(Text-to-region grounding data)

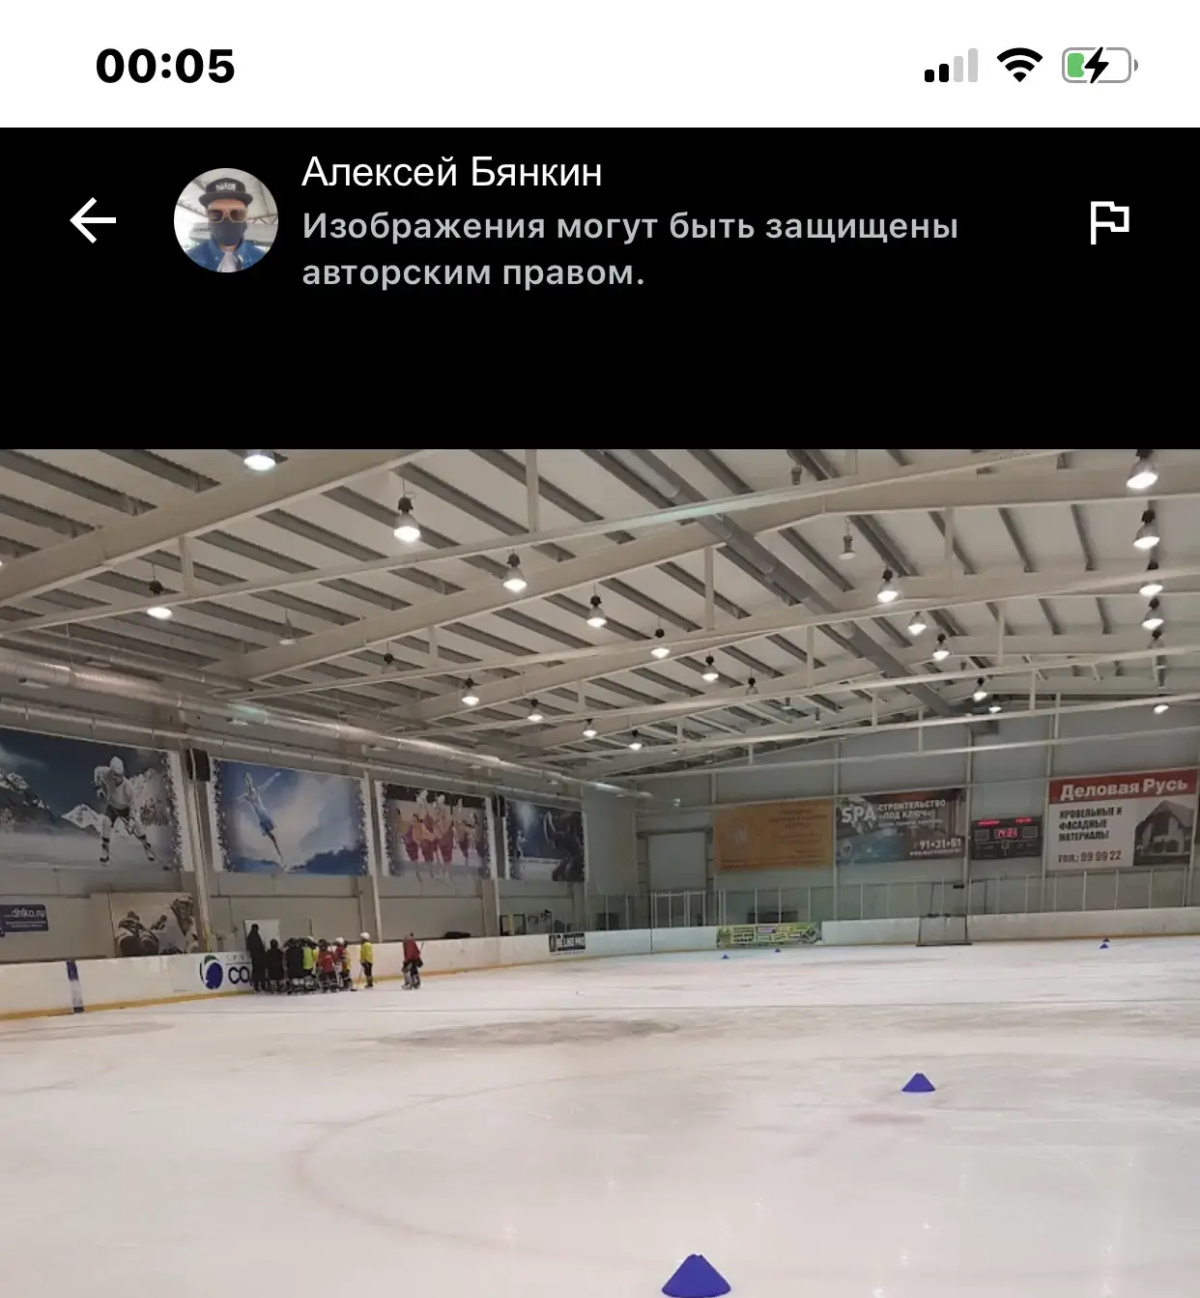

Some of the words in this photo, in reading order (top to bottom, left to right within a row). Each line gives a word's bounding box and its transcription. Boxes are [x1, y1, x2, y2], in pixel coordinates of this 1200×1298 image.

[1060, 781, 1140, 801] Деловая
[1142, 777, 1189, 797] Русь
[878, 799, 946, 811] СТРОИТЕЛЬСТВО
[841, 805, 876, 823] SPA
[1059, 807, 1115, 819] КРОВЕЛЬНЫЕ
[1116, 807, 1123, 816] И
[1059, 819, 1107, 830] ФАСАДНЫЕ
[1059, 831, 1110, 841] МАТЕРИАЛЫ
[1109, 850, 1122, 860] 22
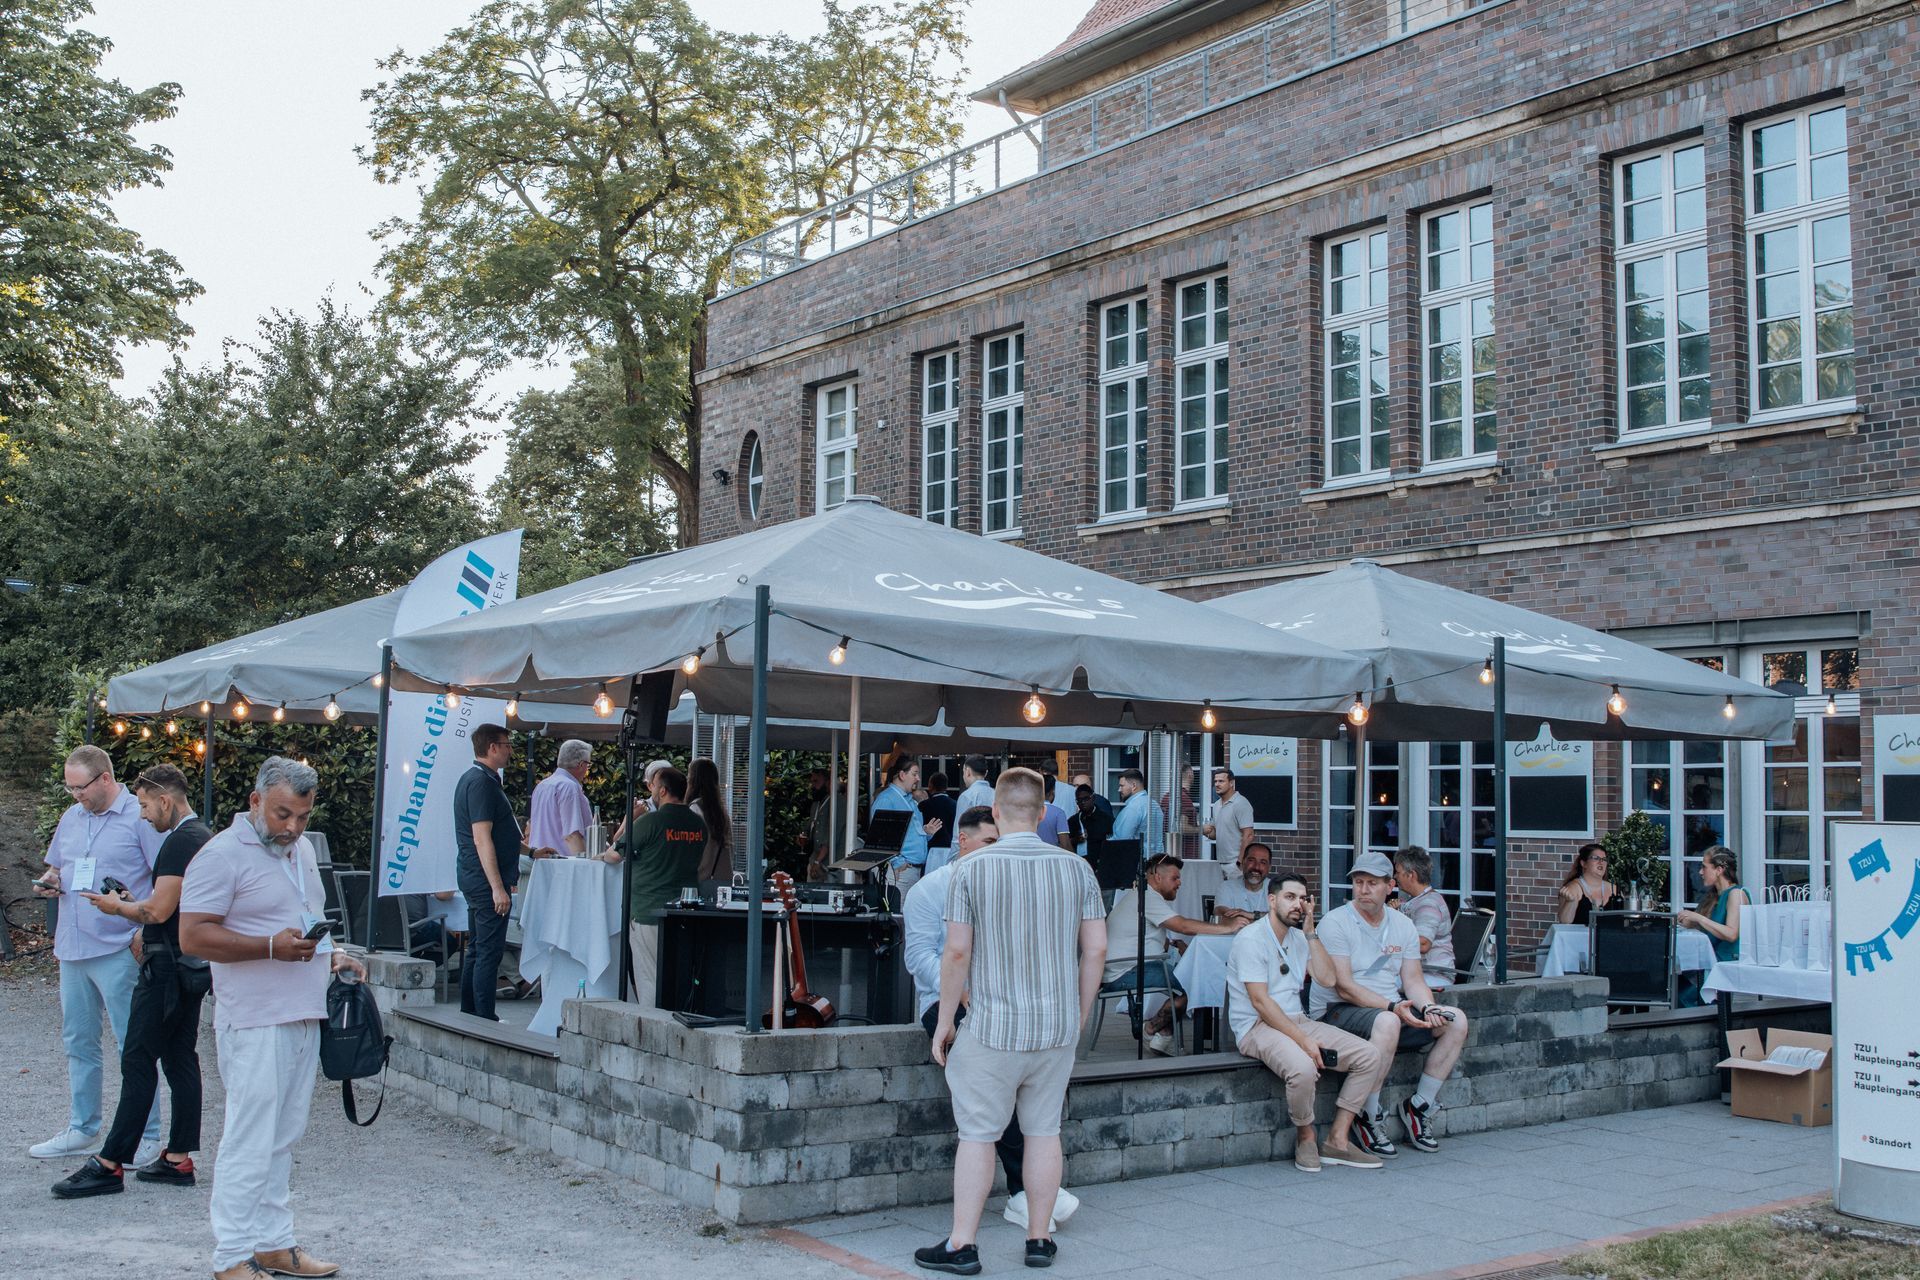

# Required action
Quote all of the entries word for word, omitting any pictures.

# Answer to this task
Some of the words in this photo, in reading order (top to bottom, left to right within a row). Each line gives a word's bounding box and its transcription. Boxes are [x1, y1, x2, y2], in pixel coordinates of this 1200×1298 image.

[1060, 781, 1140, 801] Деловая
[1142, 777, 1189, 797] Русь
[878, 799, 946, 811] СТРОИТЕЛЬСТВО
[841, 805, 876, 823] SPA
[1059, 807, 1115, 819] КРОВЕЛЬНЫЕ
[1116, 807, 1123, 816] И
[1059, 819, 1107, 830] ФАСАДНЫЕ
[1059, 831, 1110, 841] МАТЕРИАЛЫ
[1109, 850, 1122, 860] 22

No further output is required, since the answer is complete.